With respect to the securities issued in the Non-brokered Offering, the Company claims exemption from the registration provisions of the Securities Act pursuant to Regulation D under the Securities Act and/or Regulation S under the Securities Act.  This determination was made based, in part, upon the applicable purchasers making the Regulation S Representations to the Company and the applicable purchasers making representations pursuant to Regulation D of the Securities Act, including representations as to their status as accredited investors (as such term is defined in Rule 501 of Regulation D promulgated under the Securities Act).

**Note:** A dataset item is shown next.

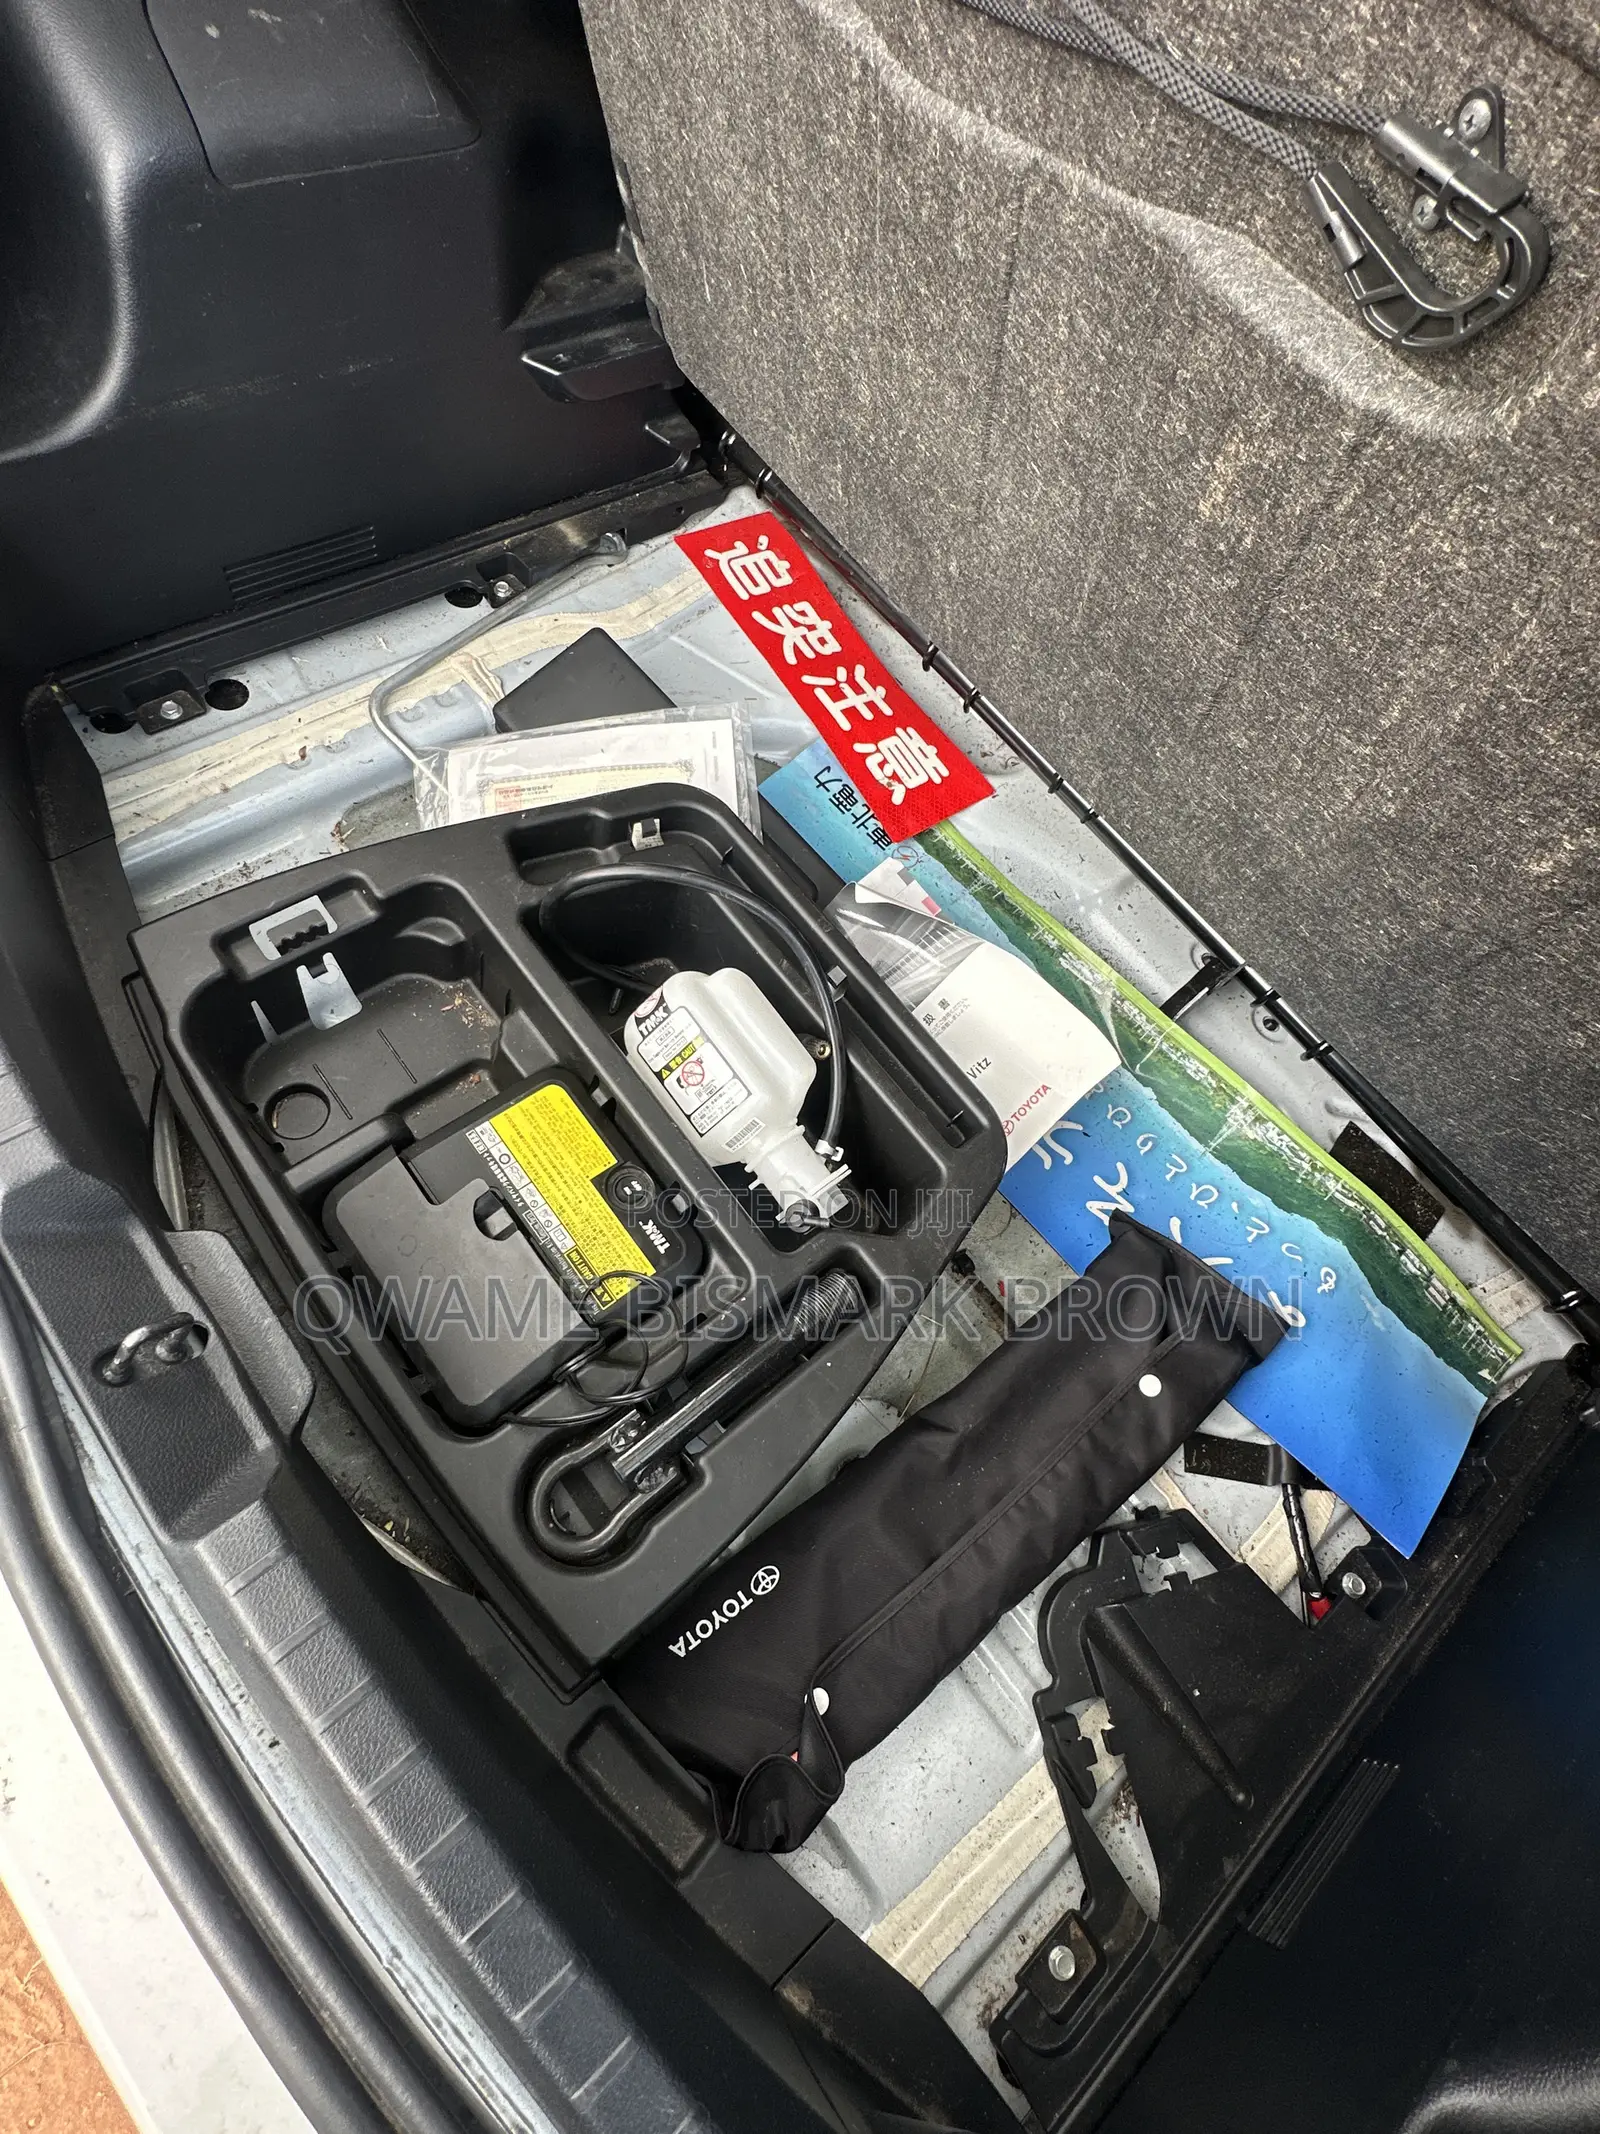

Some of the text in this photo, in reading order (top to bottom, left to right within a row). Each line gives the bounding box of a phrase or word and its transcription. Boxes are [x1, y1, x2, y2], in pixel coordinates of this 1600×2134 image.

Item 7.01  Regulation FD Disclosure

On November 4, 2011, the Company issued a press release entitled “Gentor Announces TSX Venture Exchange Listing and Completion of Financings for Cdn$3.39 Million.” A copy of the press release is attached as Exhibit 99.1 and incorporated herein by reference.

Item 8.01.  Other Events

The information set forth under Item 7.01 above is incorporated into this Item 8.01 by reference.

The Company’s application to list its Common Shares on the TSX Venture Exchange (the “Exchange”) has been accepted and such shares commenced trading on the Exchange on Monday, November 7, 2011 under the trading symbol “GNT.”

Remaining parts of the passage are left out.